The Stolen Generations litigation outlined above highlights the difficulties experienced by Stolen Generations litigants. Major obstacles have arisen in relation to doctrinal arguments, issues of evidence, the historical standard of the time, and policy. That was to change, however, with the case brought by Bruce Allan Trevorrow in the Supreme Court of South Australia.
III THE TREVORROW CASE
A The Litigation and Factual Background
The Aboriginal plaintiff, Bruce Allan Trevorrow, sued the State of South Australia in the Supreme Court of South Australia for misfeasance in public office, false imprisonment, breach of duty of care and breach of fiduciary and statutory duties. The claim arose out of his removal (at age 13 months) from his Aboriginal family in 1957 and his placement with a foster family in 1958. The plaintiff claimed that the circumstances of his removal from his mother and natural family and his ongoing separation for almost a decade had led to injury, loss and damage. He sought relief by way of declarations and damages. The state denied any liability arising from any of the pleaded causes of action .(41)
Gray J relied on the oral evidence of Bruce's siblings and half-siblings, as well as some documentary evidence, to make findings about family life in Joseph Trevorrow's (Bruce's father) (42) and Thora Karpany's (Bruce's mother) household in the 1950s and 1960s. (43) At the time of Bruce's birth (on 20 November 1956), Joseph and Thora lived with their three children--Hilda, aged nine, George, aged five, and Tom, aged three--in a home in the fringe-dwelling camps outside of Meningie. Joseph also had three children from a previous relationship, Joseph, Rita and Alice, who would occasionally come to stay with Joseph and Thora. (44)
Whilst Joseph and Thora were financially impoverished, Gray J concluded that 'the general picture of a well-nourished family, both physically and mentally, and of a happy family emerged from the evidence.' (45) Joseph was in regular (albeit casual) employment and the children were fed and clothed and were encouraged to attend school. (46) Relatives living nearby would help Thora and Joseph with their children when necessary. (47)
In 1957, Bruce had become ill before Christmas and, on Christmas Day, Joseph enlisted the help of his neighbours to drive his son to the Children's Hospital where he was admitted. (48) Joseph died in January 1966 having never seen the plaintiff again after that Christmas Day.
Although the Court was presented with conflicting evidence about the plaintiff's general wellbeing and family life at the time he was admitted to hospital, (49) after considering all the evidence, Gray J found that Bruce was neither malnourished nor neglected, nor was he 'without parents' when he was admitted to hospital on Christmas Day 1957. (50) Rather, Gray J found that Bruce was only in hospital for the purposes of treatment: he had not been abandoned and it was expected that he would return to the care of his parents when he recovered. (51)
Bruce recovered rapidly whilst in the Children's Hospital and by New Year's Eve the hospital records noted that he was 'going well'. (52) Soon thereafter, he was fostered out to Martha and Frank Davies without the consent of his parents. (53) At the time, Martha was not licensed as a foster parent and no attempt was made to assess properly whether Martha was an appropriate foster mother. (54) Gray J found that this process was authorised and arranged by an officer of the Aborigines Department, acting with the general authority of the Aborigines Protection Board ('APB'). (55)

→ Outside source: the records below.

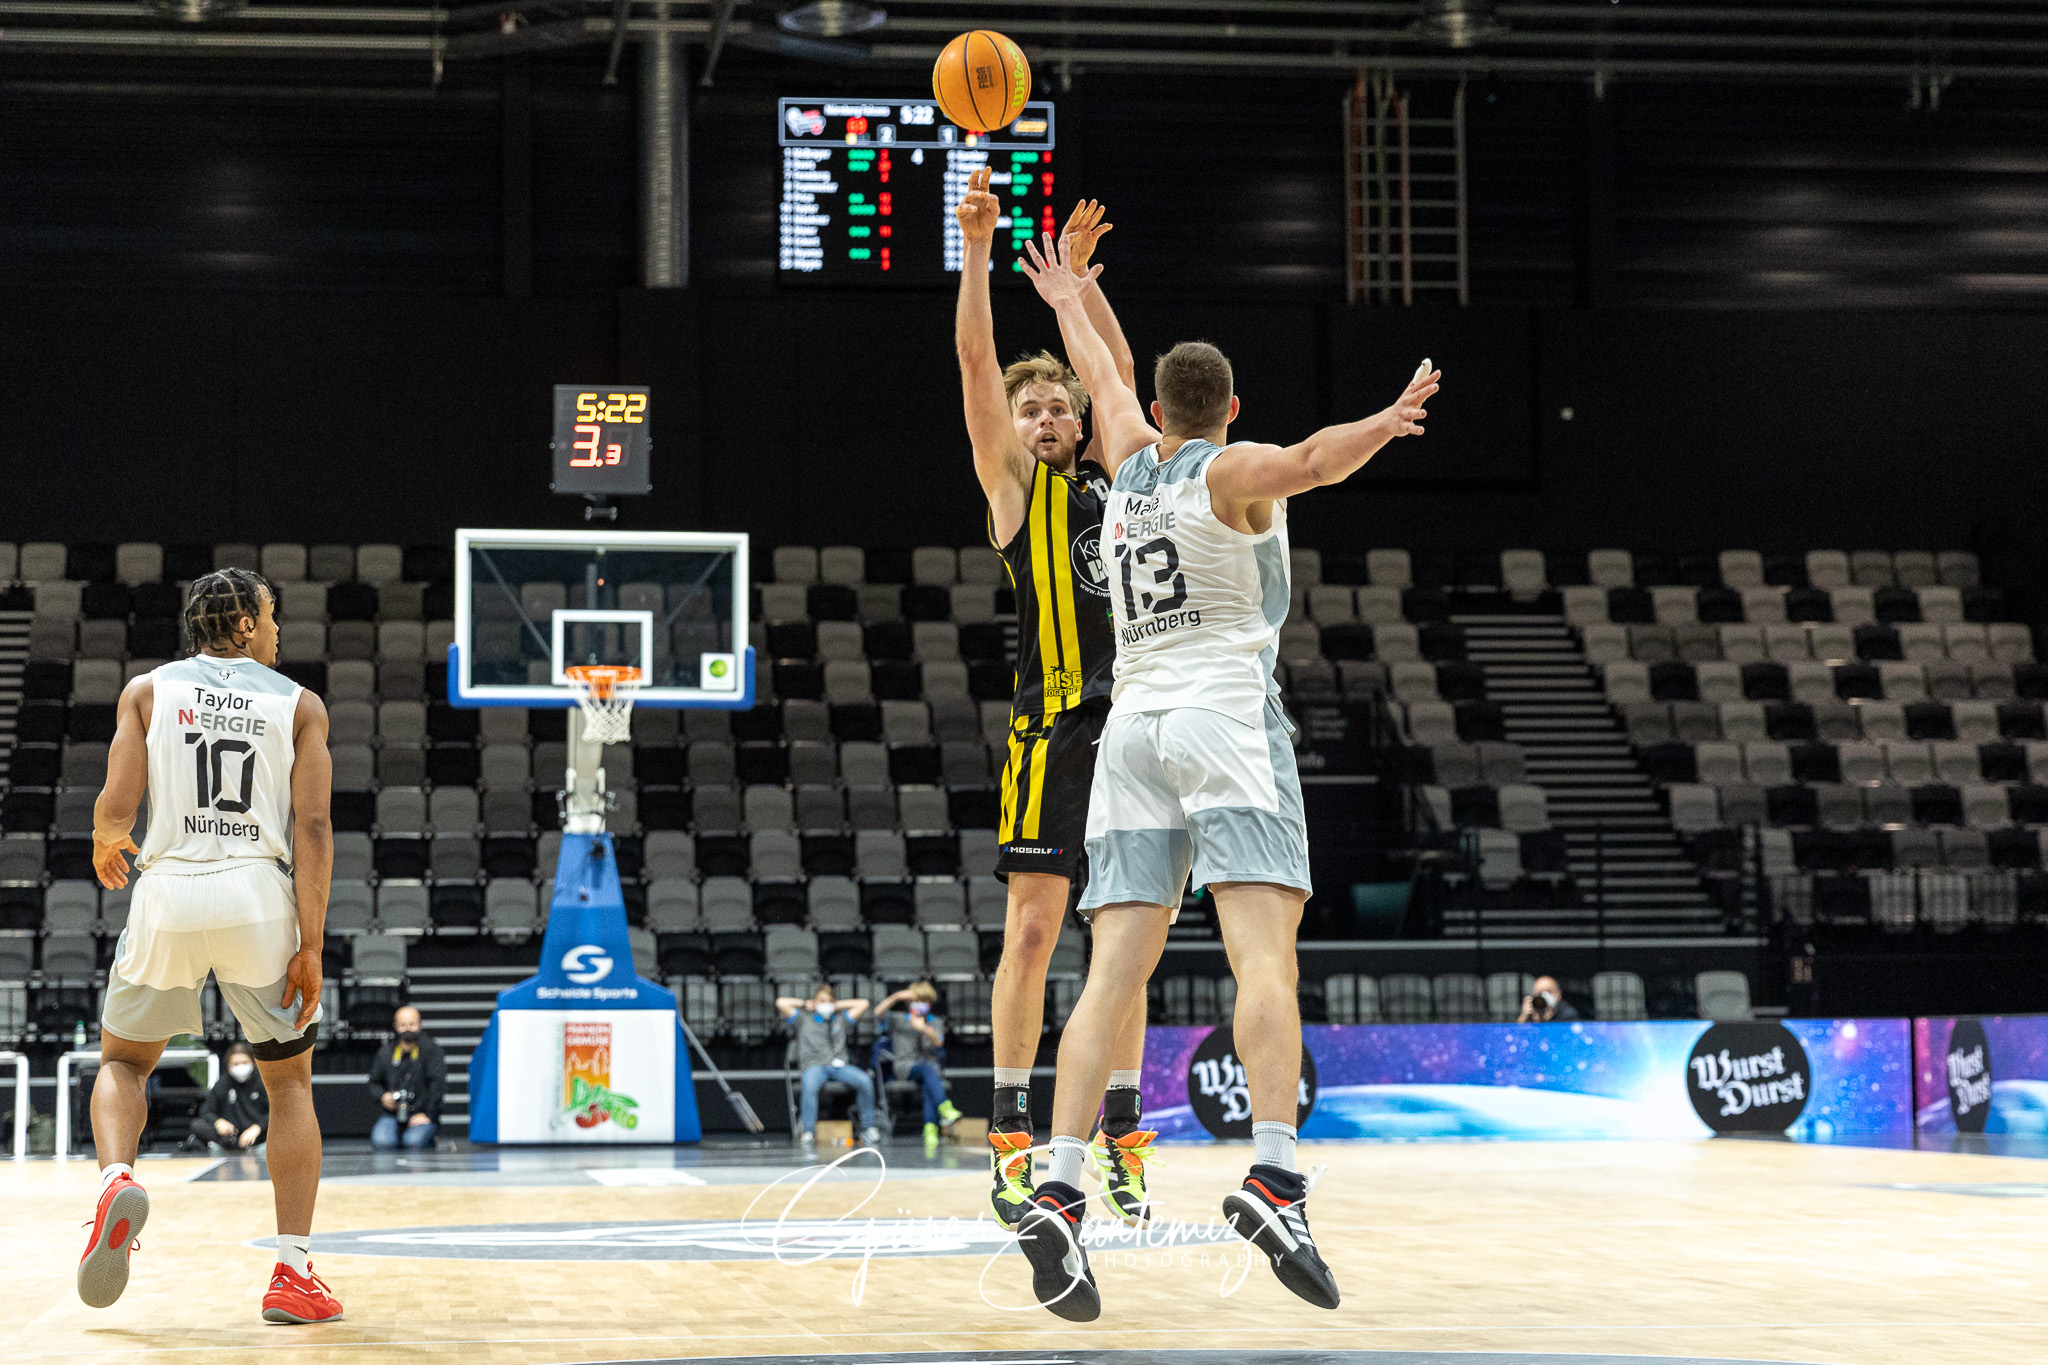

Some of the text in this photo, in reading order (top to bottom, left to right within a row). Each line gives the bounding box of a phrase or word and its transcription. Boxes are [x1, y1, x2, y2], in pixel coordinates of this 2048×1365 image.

[975, 66, 989, 89] FIBA
[576, 392, 648, 423] 5:22
[568, 424, 622, 468] 3.3
[1114, 536, 1188, 621] 13
[1121, 609, 1201, 646] Nürnberg
[1043, 670, 1082, 688] RISE
[195, 687, 253, 711] Taylor
[184, 732, 256, 815] 10
[1010, 846, 1053, 855] MOSOLF
[592, 986, 639, 1002] Sports
[1690, 1046, 1787, 1091] Wurst
[1717, 1071, 1806, 1117] Durst

Evidence from welfare officers confirmed that the usual practice was for contact to be maintained between the natural family and the child after removal. (56) An issue at trial was the extent to which Thora had sought the return of the plaintiff. (57) Gray J found that 'the documentation tendered at trial clearly establishes that Thora did seek contact with and the return of the plaintiff and that she did so repeatedly over a period of years.' (58) The Court also found that Thora's requests were consistently ignored or rejected and that there was 'a level of determination on the part of the APB that the plaintiff and Thora were not to have contact'. (59)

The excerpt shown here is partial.